* _Work to complete_: Reproduce the records exactly. Leave the pictures out.
(The data)
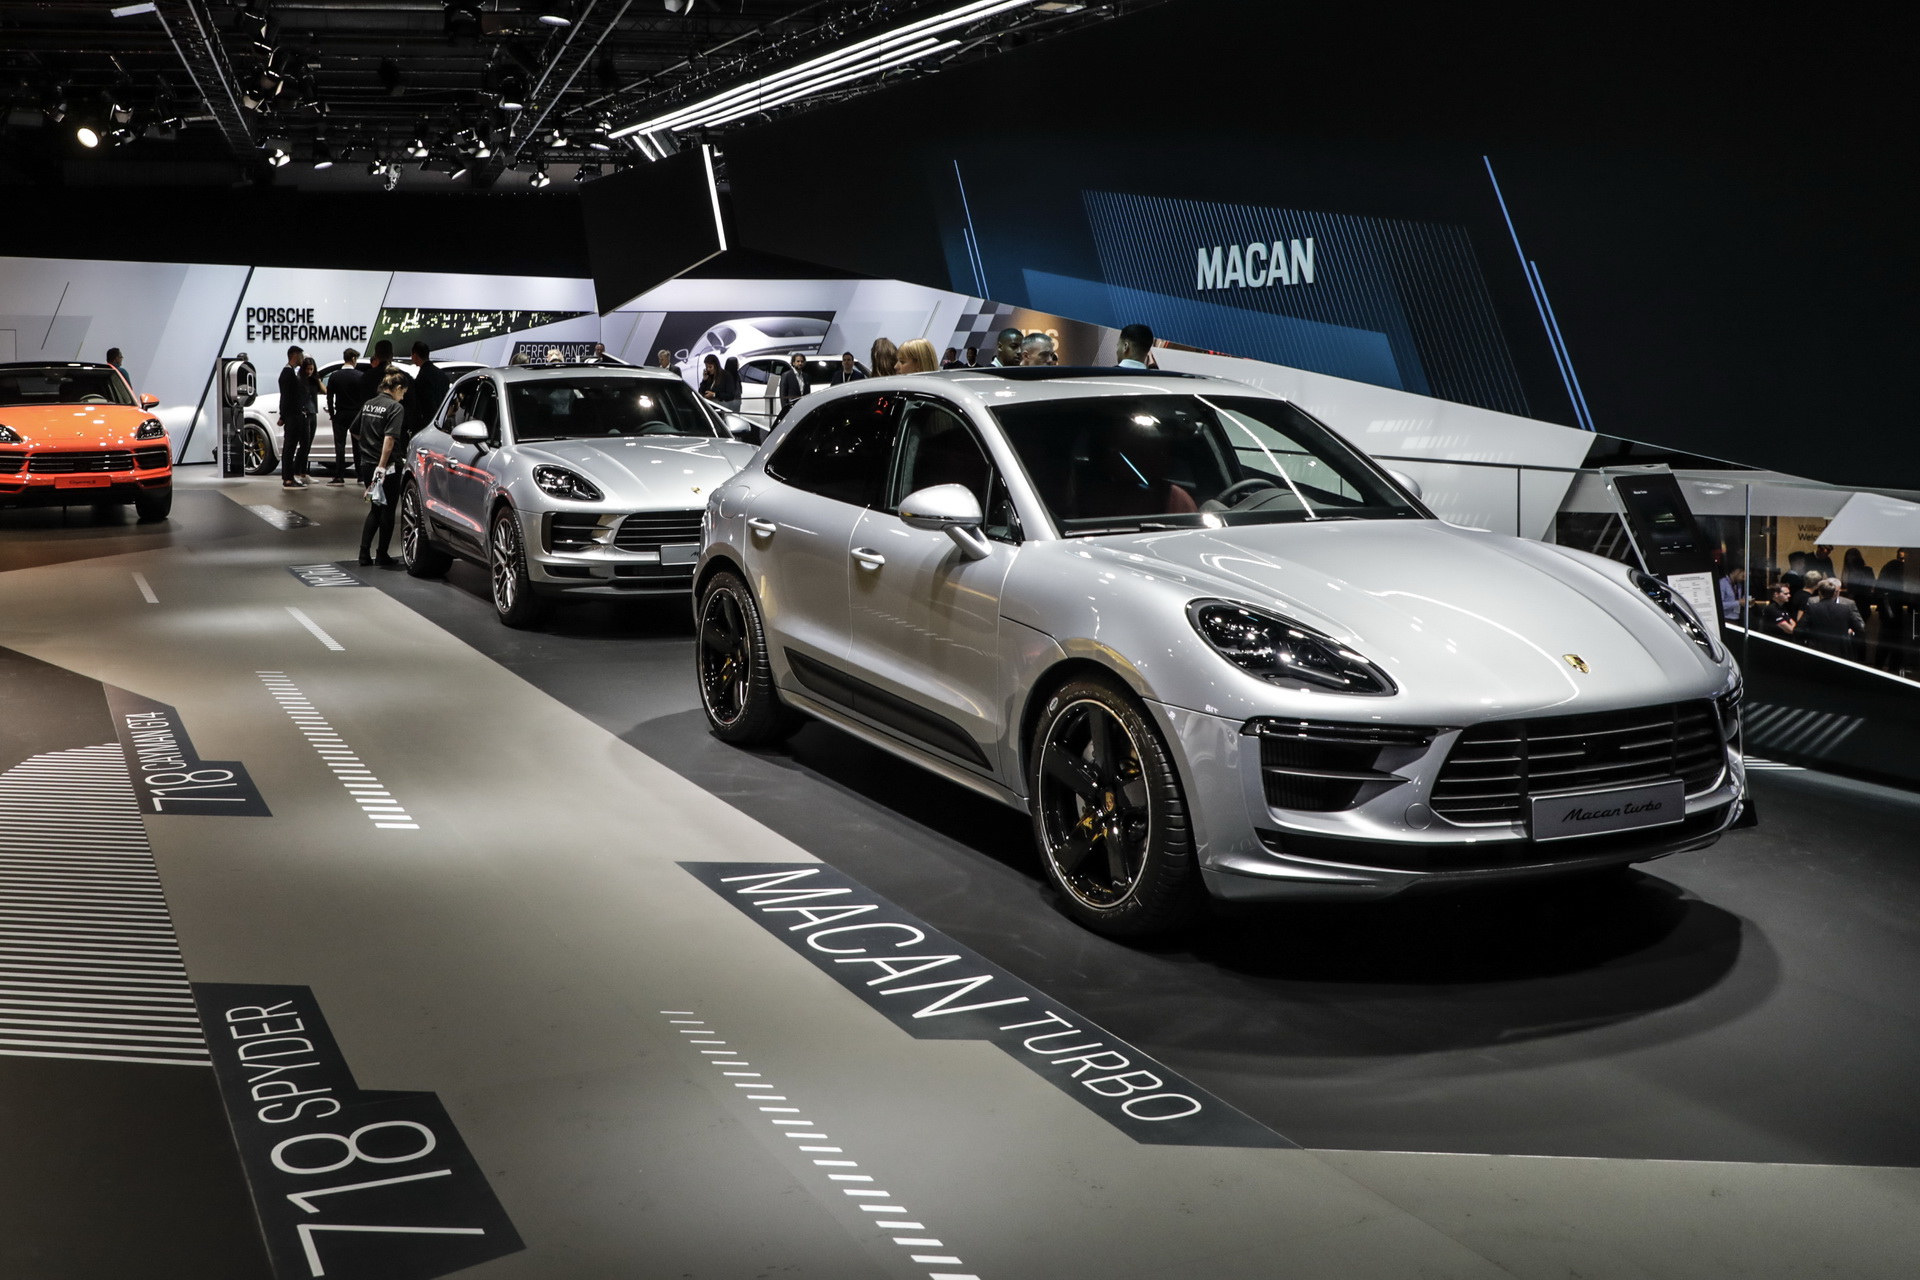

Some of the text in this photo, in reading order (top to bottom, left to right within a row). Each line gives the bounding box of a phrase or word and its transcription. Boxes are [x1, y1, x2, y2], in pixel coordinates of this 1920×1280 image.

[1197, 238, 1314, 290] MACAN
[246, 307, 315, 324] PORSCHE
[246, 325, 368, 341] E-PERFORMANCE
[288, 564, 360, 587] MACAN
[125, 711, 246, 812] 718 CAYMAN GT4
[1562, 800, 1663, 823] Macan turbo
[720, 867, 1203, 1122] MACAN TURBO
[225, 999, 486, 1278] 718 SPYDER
(End The data)
* _Result for this task_:
Some of the text in this photo, in reading order (top to bottom, left to right within a row). Each line gives the bounding box of a phrase or word and its transcription. Boxes are [x1, y1, x2, y2], in pixel coordinates of this 1920×1280 image.

[1197, 238, 1314, 290] MACAN
[246, 307, 315, 324] PORSCHE
[246, 325, 368, 341] E-PERFORMANCE
[288, 564, 360, 587] MACAN
[125, 711, 246, 812] 718 CAYMAN GT4
[1562, 800, 1663, 823] Macan turbo
[720, 867, 1203, 1122] MACAN TURBO
[225, 999, 486, 1278] 718 SPYDER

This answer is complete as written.